En muy pocos días sor Rosita se había convertido en su confidente, al hacerla partícipe de su preocupación acerca de la situación en que quedaban sus hijos, sobre todo la pequeña Luisa, que acababa de cumplir los dos años. Los días transcurrían angustiosos y monótonos, bajo la disciplina que presidía la vida del beaterio. Se levantaban a toque de campana, antes del amanecer, y, con una saya de paño basto sobre la camisa de dormir, acudían todas a la capilla, monjas e internas, para el primer rezo del día. Después, cada cual arreglaba su celda y dedicaba unos minutos al aseo personal, antes de volver a la capilla para oír misa. El desayuno, en silencio, consistía invariablemente en un tazón de leche endulzada con miel y unos mojicones. Luego, quienes no tenían señalada cocina, baldeo o lavadero —Mariana estaba exenta de estos trabajos—, pasaban la mañana cosiendo o remendando ropa hasta la oración de antes del almuerzo. Tras la comida se retiraban durante una hora en sus celdas, salvo las encargadas de recoger la cocina. Luego otra vez al cuarto de costura o al patio, si el tiempo lo permitía, para aprender primores como encaje de bolillos y bordado de pañuelos, o tejer alguna pieza en pequeños telares de mano. Ese tiempo era mucho más entretenido que el de la mañana, porque se permitía hablar. Se rezaba el rosario antes de la cena y se despedía el día con una oración común en la capilla. Menos la celadora de turno, las demás se encerraban en las celdas y allí disponían de unos minutos antes de apagar los candiles.
Mariana estaba convencida de que sus amigos preparaban un plan para rescatarla. Había días que se sentía exultante, otros, en cambio, caía en el desánimo, aunque nunca perdía la esperanza. Lo que le resultaba más insoportable era encontrarse separada de su madre y no poder ver a sus hijos. Sabía que José María estaba en muy buenas manos y que Luisita no sufría, aunque quizá echara de menos las visitas de doña Mariana, como la llamaban los hortelanos cuando acudía a ver a su hija. Una tarde, la hermana Rosita observó que se le iba el santo al cielo y se quedaba de manos cruzadas, sin devanar el copo. Su semblante revelaba el dolor de su alma.
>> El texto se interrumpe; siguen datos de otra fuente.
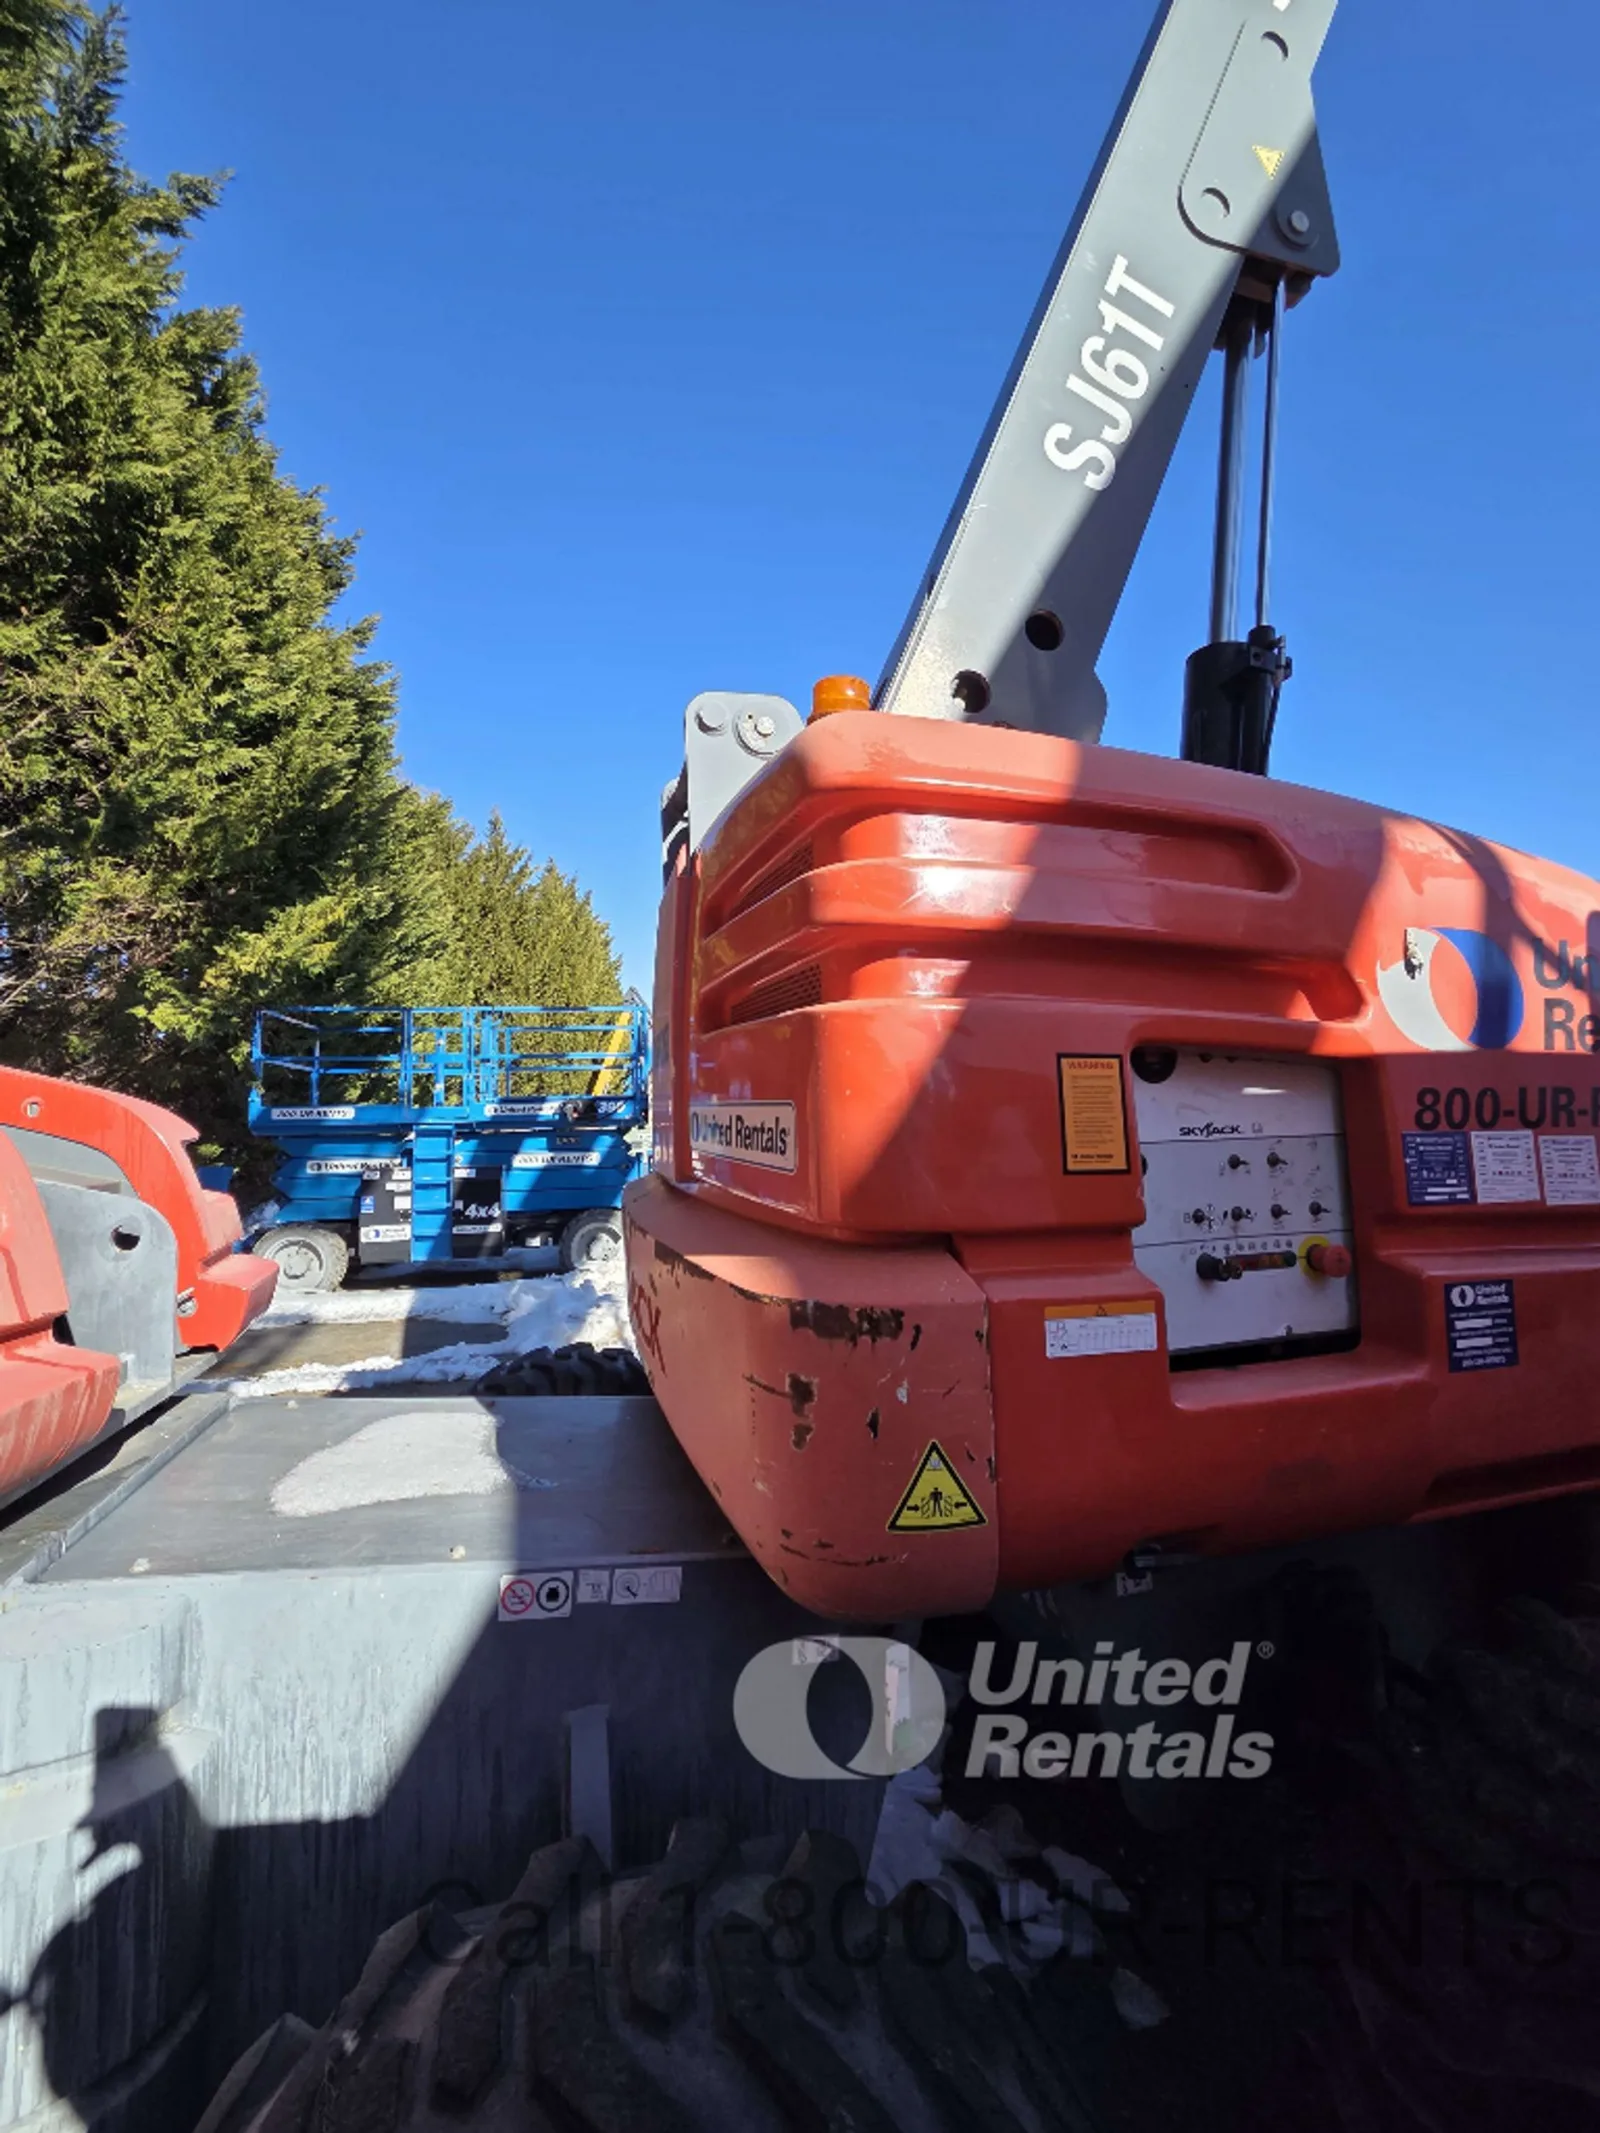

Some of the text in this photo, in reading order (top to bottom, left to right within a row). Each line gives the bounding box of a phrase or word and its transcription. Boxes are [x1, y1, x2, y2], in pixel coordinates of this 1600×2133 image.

[1043, 253, 1176, 491] SJ61T
[1543, 998, 1600, 1054] Re
[1179, 1121, 1242, 1138] SKYJACK
[1413, 1085, 1600, 1131] 800-UR-
[735, 1115, 787, 1156] Rentals
[465, 1202, 501, 1219] 4x4
—Ya verá como todo se arregla, bordar una bandera no es tan grave.
—Lo es, si esa bandera va contra las leyes de Nuestro Señor —añadió sor Francisca, siempre con los labios apretados bajo un espeso bozo.
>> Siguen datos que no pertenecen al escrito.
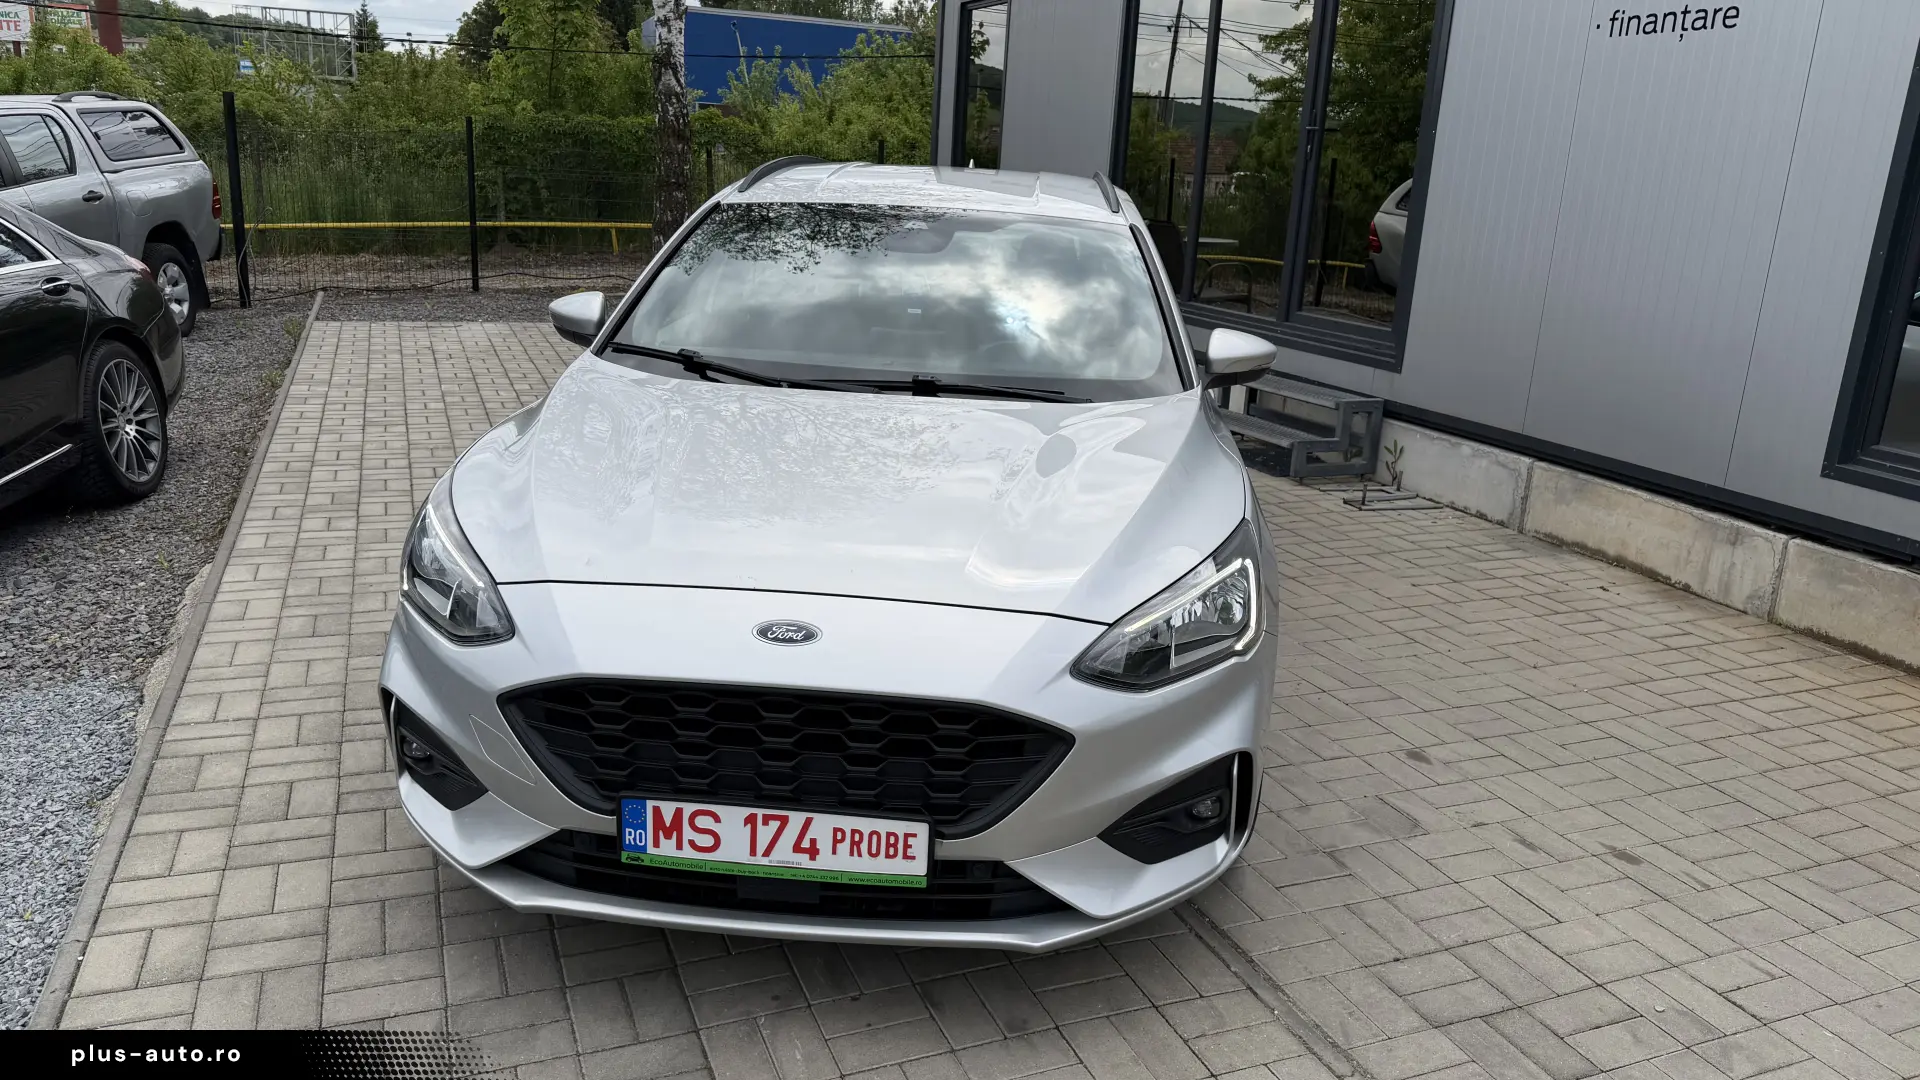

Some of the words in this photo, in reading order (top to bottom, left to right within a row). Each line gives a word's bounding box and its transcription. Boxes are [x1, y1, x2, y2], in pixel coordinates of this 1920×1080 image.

[1608, 4, 1740, 42] finanțare
[767, 625, 806, 641] Ford
[625, 827, 646, 846] RO
[652, 804, 722, 854] MS
[743, 812, 820, 862] 174
[831, 826, 918, 860] PROBE
[649, 859, 704, 871] EcoAutomobile
[848, 876, 923, 886] www.ecoautomobile.ro
—¿La hermana se refiere a las leyes del rey? —Mariana dejó caer el copo.
—No, a las de Dios Nuestro Señor. —Sor Francisca no levantó los ojos de su labor.
—¿Tendría inconveniente la hermana en responderme a un par de preguntas?
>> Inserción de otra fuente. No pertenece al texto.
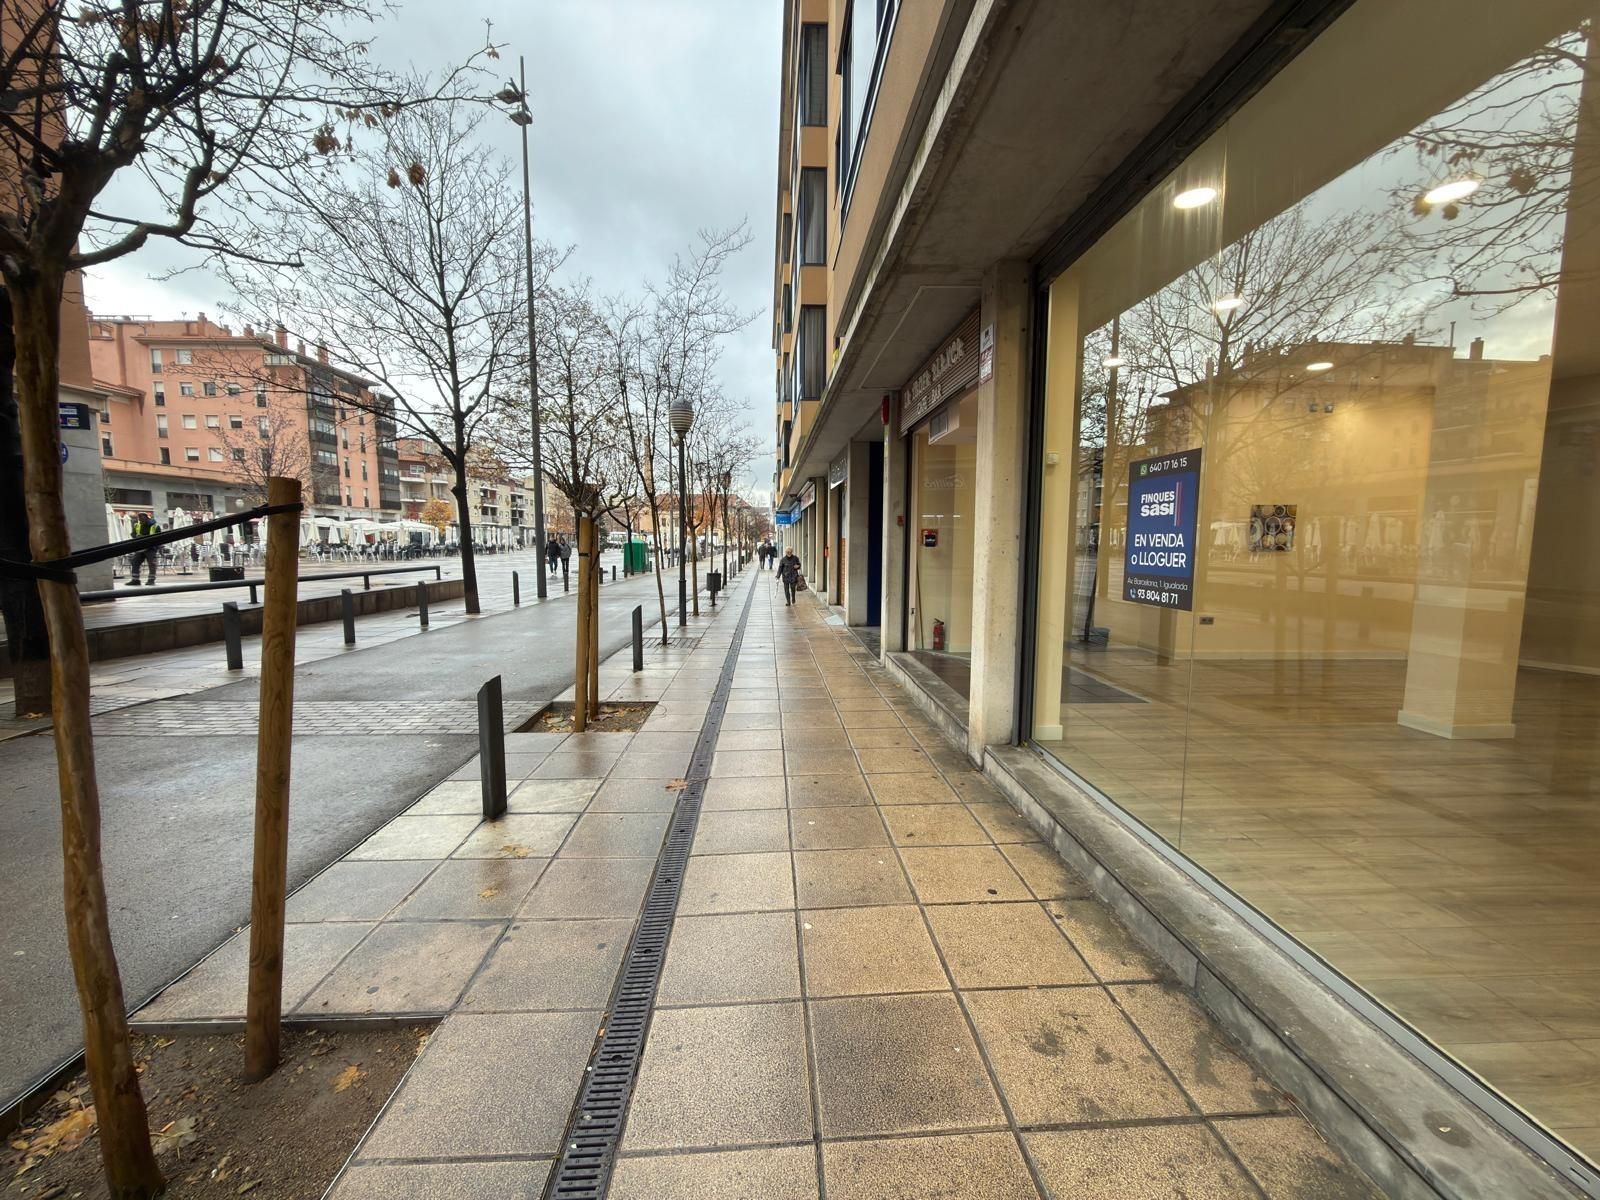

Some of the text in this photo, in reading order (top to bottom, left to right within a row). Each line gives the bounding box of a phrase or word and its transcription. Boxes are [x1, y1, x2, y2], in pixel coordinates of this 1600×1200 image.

Todas suspendieron su labor. Eran frecuentes las trifulcas entre las internas, entonces la disciplina era rigurosa y hasta se usaba el látigo.
—Pregunte —respondió sor Francisca, desafiante.
—¿Nos hizo Dios libres e iguales?
—Por supuesto. —La monja no titubeó.
—En tal caso, la libertad y la igualdad no atentan contra sus leyes, ¿no le parece?
—Desde luego.
—Ésas eran las palabras que, a medio bordar, había en la bandera que encontraron en mi casa y por la que me tienen privada de libertad, invocando otra clase de leyes.
—¿Qué leyes? —preguntó con espontaneidad sor Rosita.
—Las del rey.
—Dudar de nuestro monarca es cosa de masones y herejes. ¡Su poder tiene origen divino! —exclamó sor Francisca.
—¿Considera divinas las leyes y las cosas de los hombres?
Sor Francisca iba a decir algo, pero ante la presencia de la priora guardó silencio.
—Doña Mariana, tiene usted visita. Acompáñela, sor Rosa.
Mariana pensó en Pedrosa. No le apetecía verlo.
—Si se trata del señor subdelegado de policía…
—Son dos jóvenes caballeros —cortó la priora con sequedad.
Sor Rosa recogió su labor y Mariana se contuvo para no salir corriendo.
Diéguez, con un fardo en la mano, cruzó el patio de la posada de las Imágenes, donde había gran alboroto al haber coincidido unos arrieros con dos diligencias. Los viajeros vigilaban sus equipajes, arrojados por los mozos desde el techo de la diligencia, mientras los arrieros quitaban las albardas a las bestias y protestaban porque el chamizo asignado no les parecía a propósito; uno de ellos discutía a gritos con el posadero el precio del grano que darían a los animales. Junto a una diligencia los cocheros comprobaban el estado de las ruedas y se chanceaban con las mozas que aseaban el interior del carruaje. Llegó hasta la alcoba de don Matías y llamó a la puerta.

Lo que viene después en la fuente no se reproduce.